**How to complete this task**:
In the copy you make, keep each entry exactly as it is and leave out all images.

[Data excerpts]
* * * *
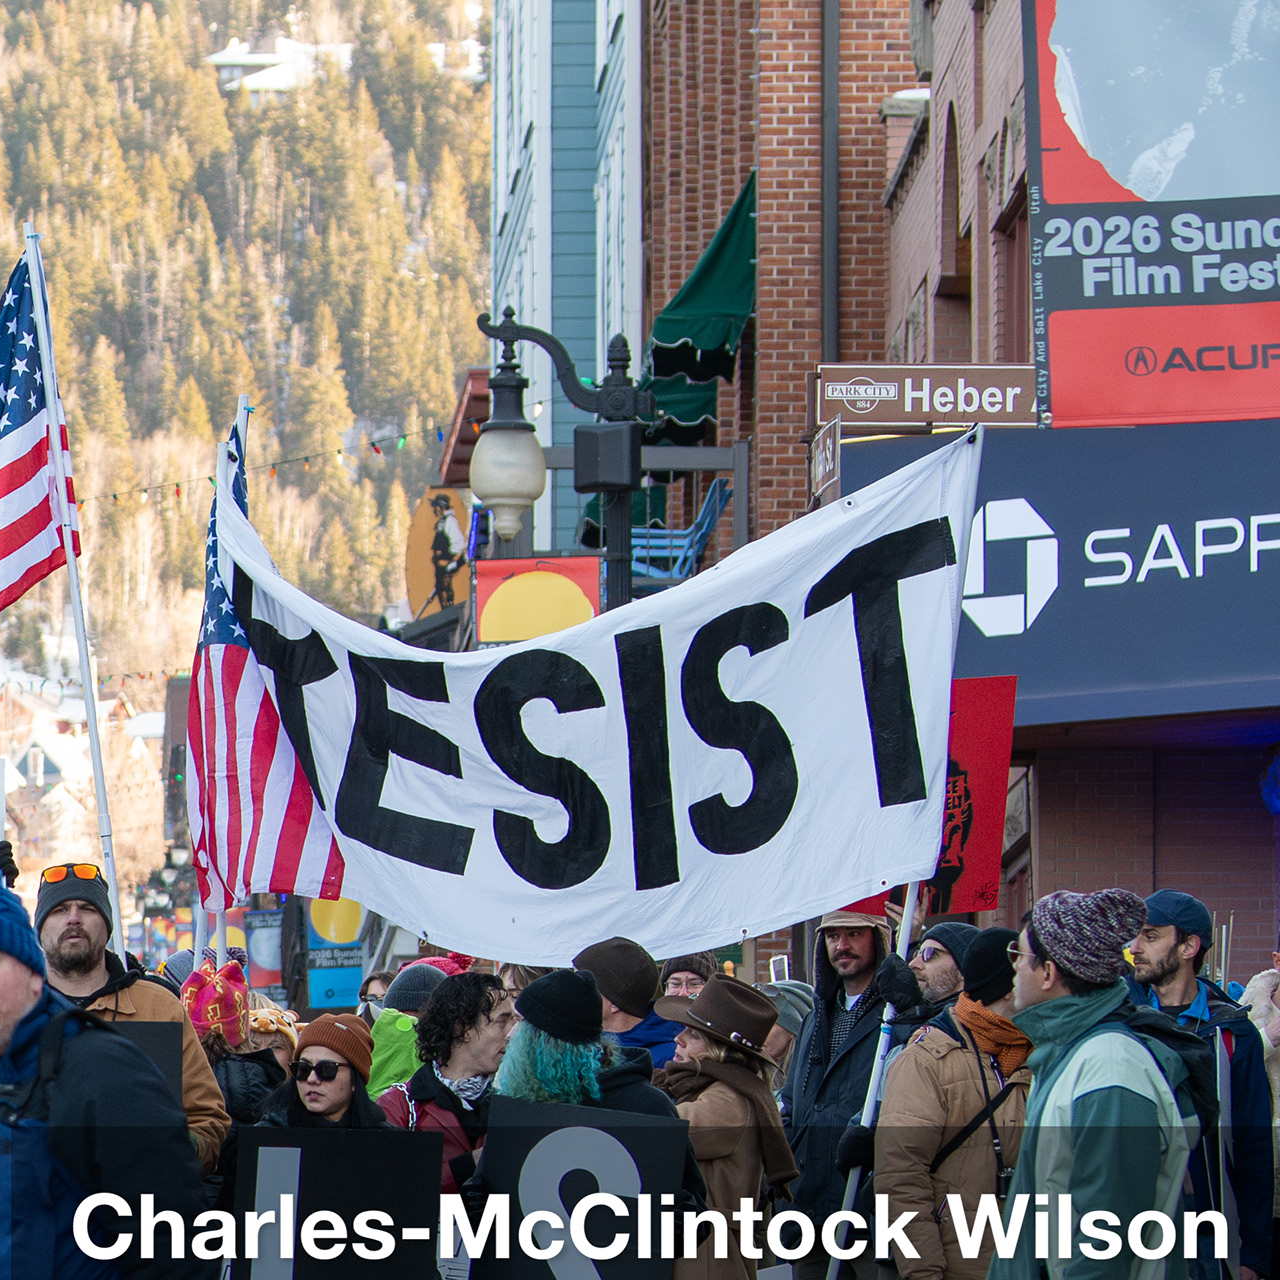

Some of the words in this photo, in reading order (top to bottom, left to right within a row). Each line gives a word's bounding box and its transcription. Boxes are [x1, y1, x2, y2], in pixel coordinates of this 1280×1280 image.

[1030, 185, 1040, 214] Utah
[1044, 215, 1161, 257] 2026
[1032, 238, 1042, 266] City
[1033, 272, 1043, 300] Lake
[1083, 256, 1181, 297] Film
[1035, 307, 1045, 335] Salt
[1036, 341, 1046, 362] And
[831, 387, 861, 397] PARK
[864, 386, 892, 396] CITY
[904, 378, 1021, 413] Heber
[1037, 369, 1048, 397] City
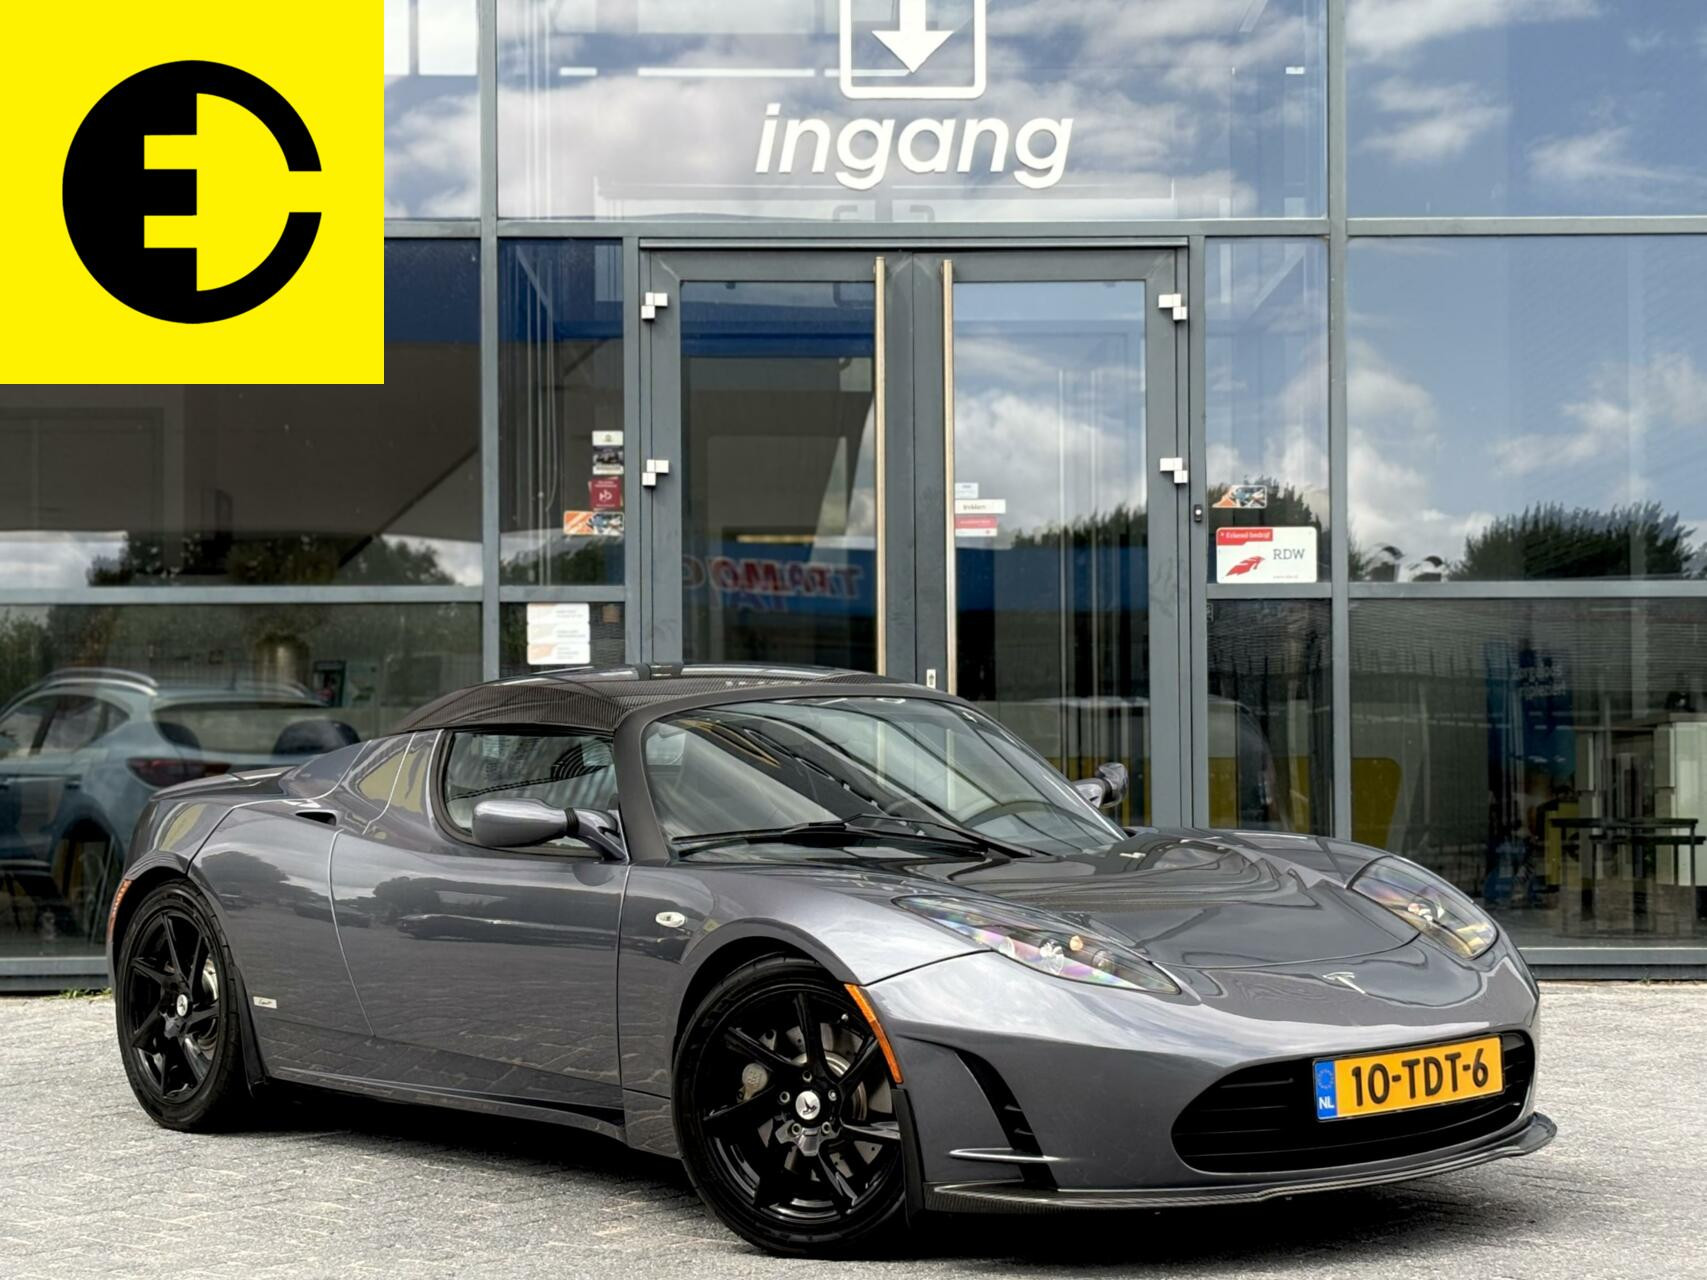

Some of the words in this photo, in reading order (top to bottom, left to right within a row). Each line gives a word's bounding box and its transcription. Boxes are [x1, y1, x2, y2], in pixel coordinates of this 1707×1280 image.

[755, 102, 1074, 190] ingang
[1272, 548, 1306, 560] RDW
[1351, 1048, 1489, 1107] 10-TDT-6
[1318, 1096, 1335, 1110] NL
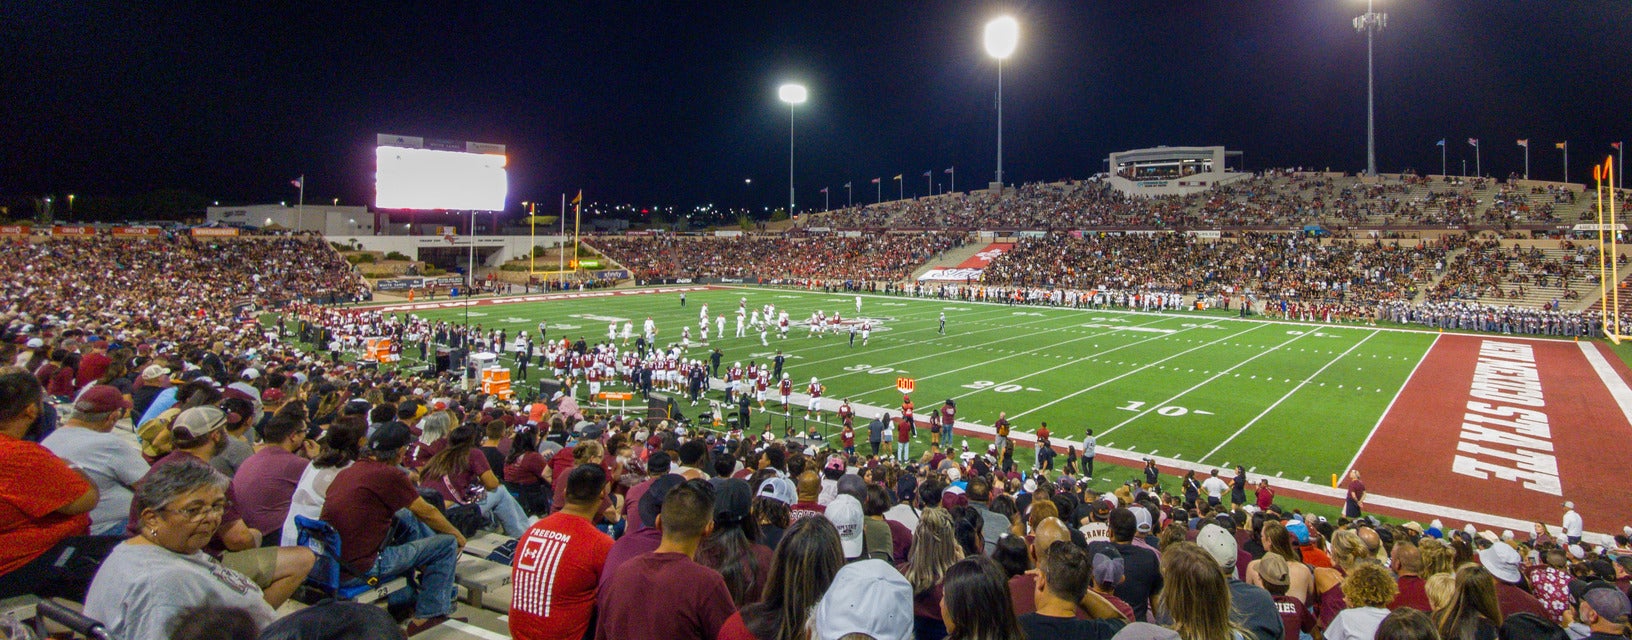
* * * *
**Solution to the problem**:
Some of the words in this photo, in reading order (top to bottom, left to right within a row). Each line gives a word's bounding box and its transcription. Boxes are [x1, y1, x2, y2], in pixel coordinates of this 1280×1280 image.

[1030, 185, 1040, 214] Utah
[1044, 215, 1161, 257] 2026
[1032, 238, 1042, 266] City
[1033, 272, 1043, 300] Lake
[1083, 256, 1181, 297] Film
[1035, 307, 1045, 335] Salt
[1036, 341, 1046, 362] And
[831, 387, 861, 397] PARK
[864, 386, 892, 396] CITY
[904, 378, 1021, 413] Heber
[1037, 369, 1048, 397] City

Some of the words in this photo, in reading order (top to bottom, left to right within a row). Each line gives a word's bounding box and its transcription. Boxes are [x1, y1, x2, y2], in pixel coordinates of this 1707×1280 image.

[755, 102, 1074, 190] ingang
[1272, 548, 1306, 560] RDW
[1351, 1048, 1489, 1107] 10-TDT-6
[1318, 1096, 1335, 1110] NL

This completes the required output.